[Stored items from a collection]
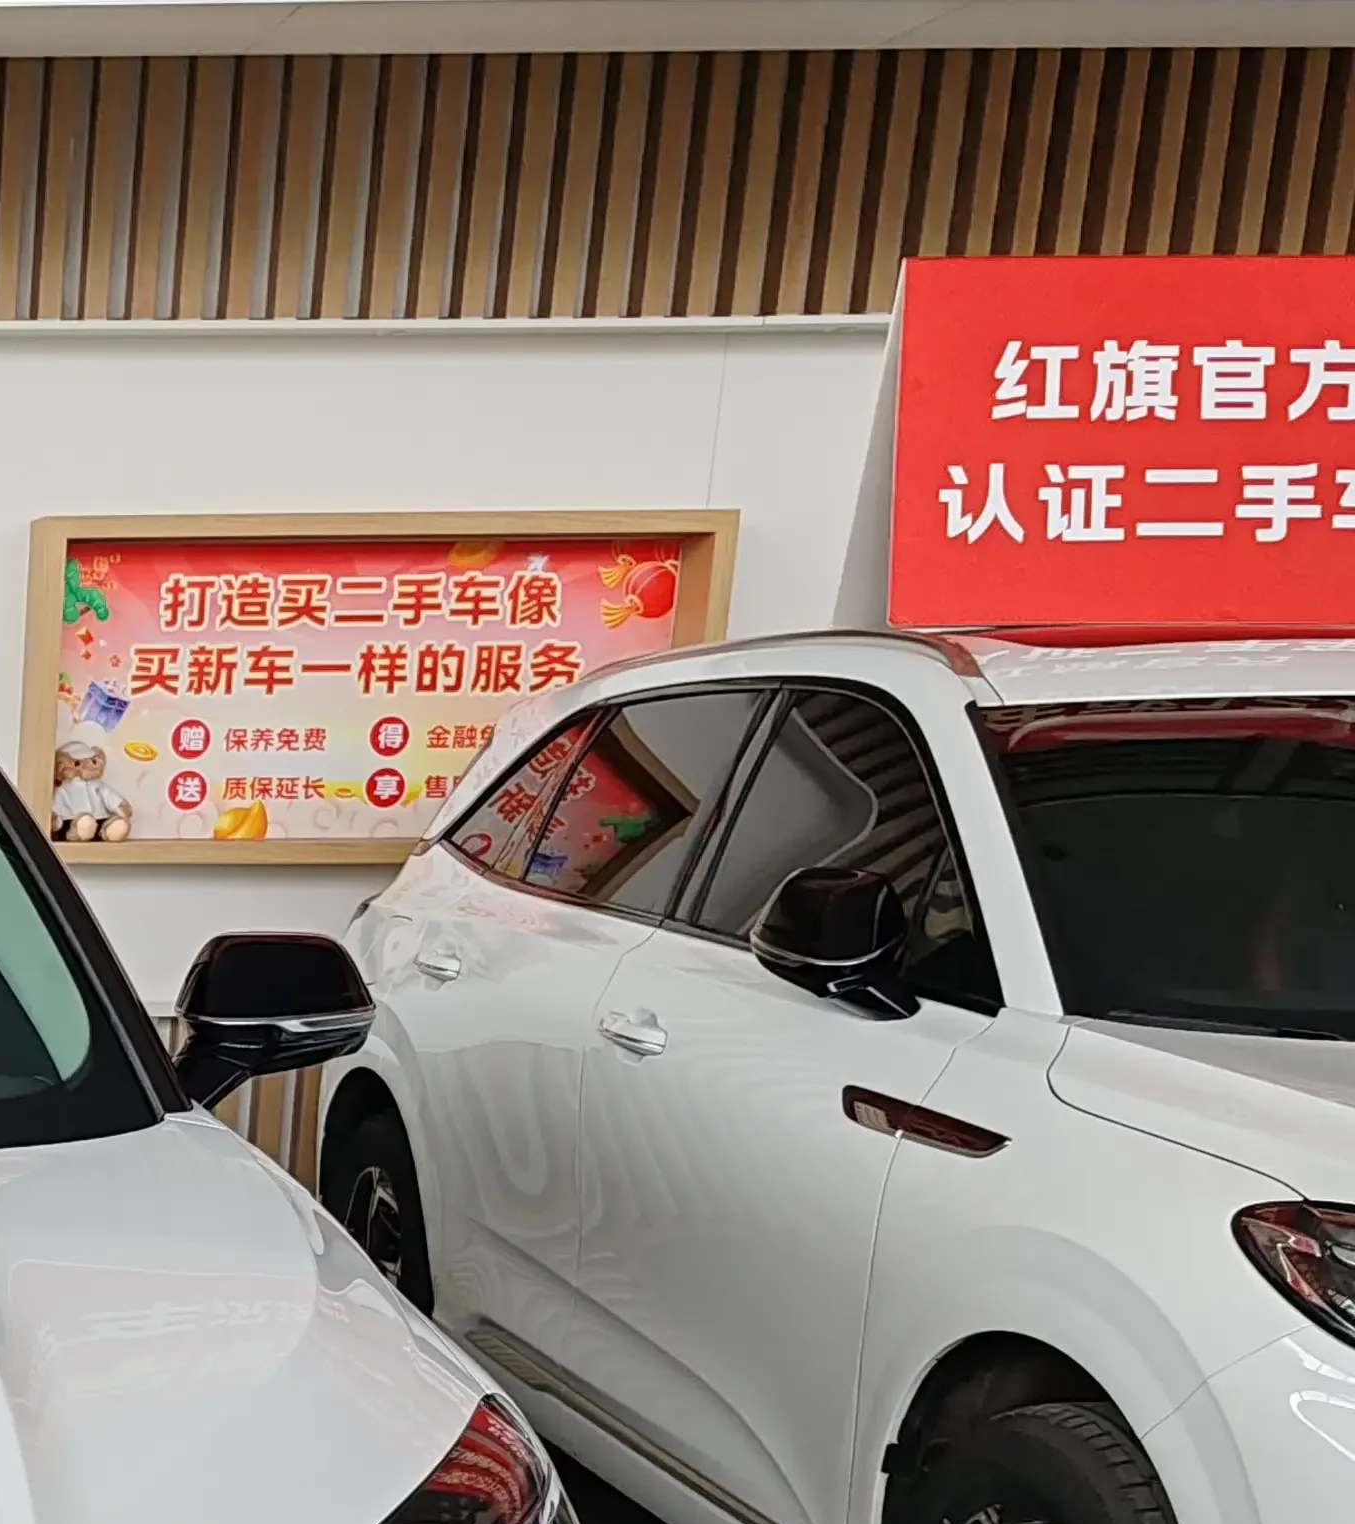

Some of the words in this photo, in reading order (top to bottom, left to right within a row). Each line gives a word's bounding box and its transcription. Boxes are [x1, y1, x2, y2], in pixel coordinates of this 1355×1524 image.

[991, 340, 1355, 422] 红旗官方
[938, 462, 1355, 544] 认证二手
[163, 575, 559, 628] 打造买二手车像
[130, 642, 581, 696] 买新车一样的服务
[179, 726, 205, 751] 赠
[224, 728, 326, 752] 保养免费
[378, 723, 403, 749] 得
[176, 777, 201, 802] 送
[222, 776, 325, 800] 质保延长
[374, 775, 399, 800] 享
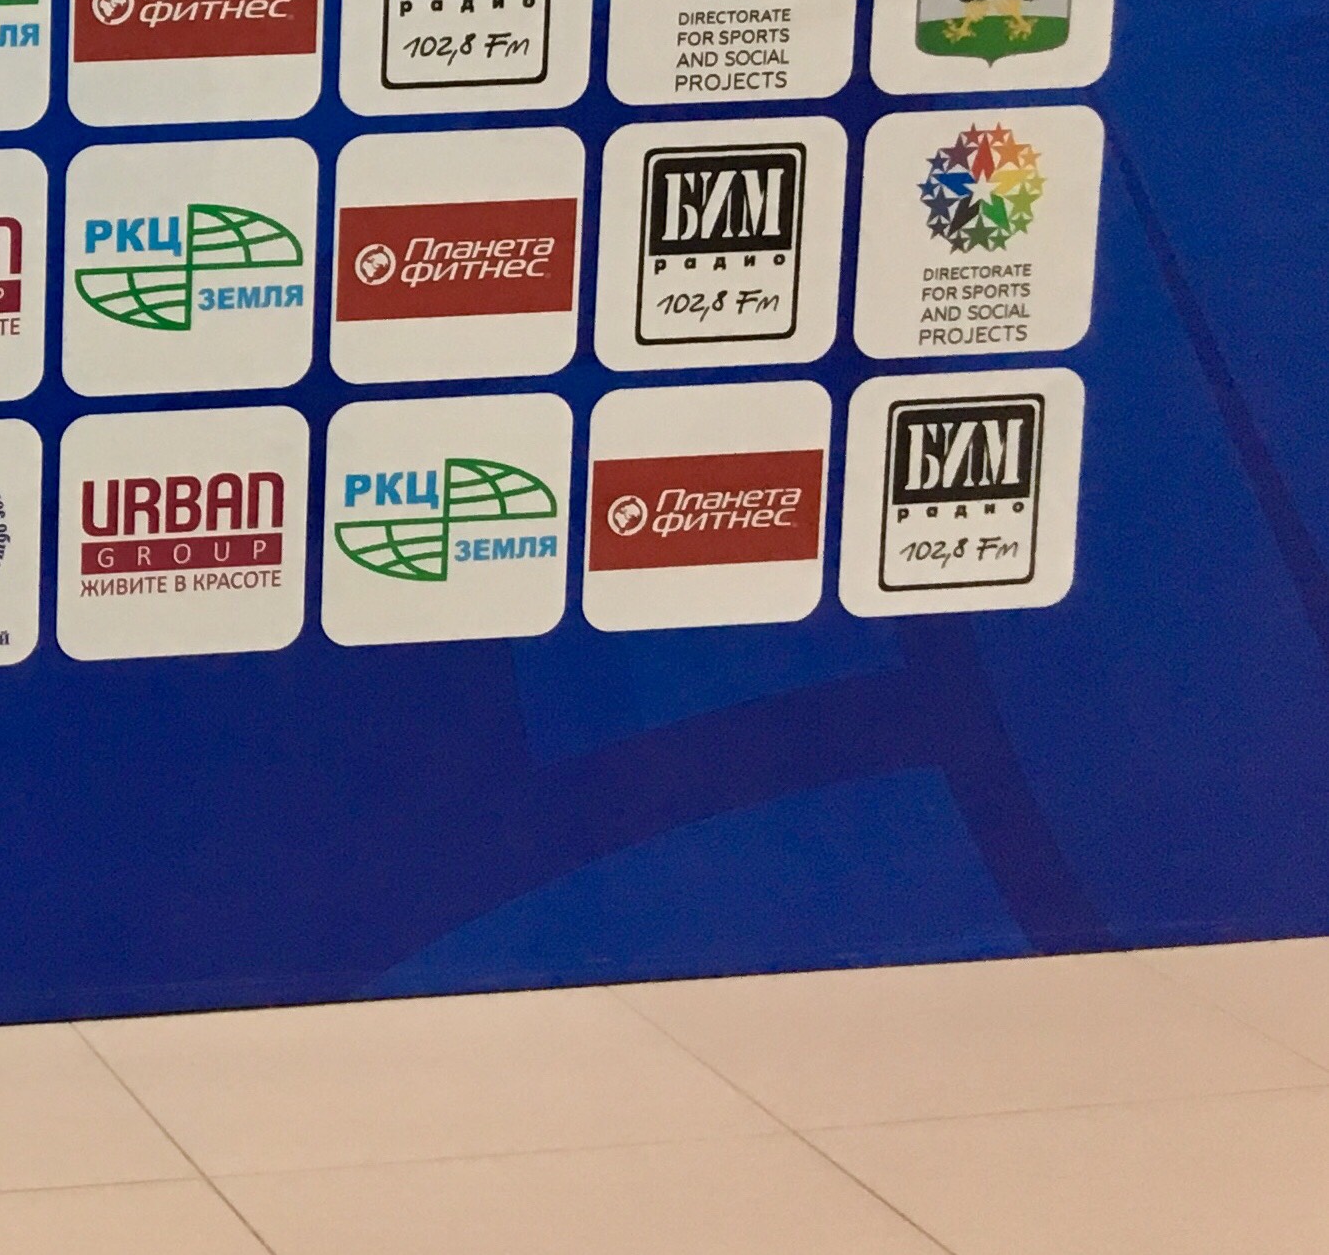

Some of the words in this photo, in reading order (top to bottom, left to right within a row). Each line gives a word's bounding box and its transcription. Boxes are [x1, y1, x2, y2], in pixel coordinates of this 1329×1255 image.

- _Directions for this task_:
Reproduce the entries above word for word. Pictures stay out.

- _Finished task_:
Some of the words in this photo, in reading order (top to bottom, left to right within a row). Each line gives a word's bounding box and its transcription. Boxes are [x1, y1, x2, y2], in pixel coordinates of this 1355×1524 image.

[991, 340, 1355, 422] 红旗官方
[938, 462, 1355, 544] 认证二手
[163, 575, 559, 628] 打造买二手车像
[130, 642, 581, 696] 买新车一样的服务
[179, 726, 205, 751] 赠
[224, 728, 326, 752] 保养免费
[378, 723, 403, 749] 得
[176, 777, 201, 802] 送
[222, 776, 325, 800] 质保延长
[374, 775, 399, 800] 享

Some of the words in this photo, in reading order (top to bottom, left to right within a row). Each line gives a word's bounding box and its transcription. Boxes are [x1, y1, x2, y2], in pixel coordinates of this 1329×1255 image.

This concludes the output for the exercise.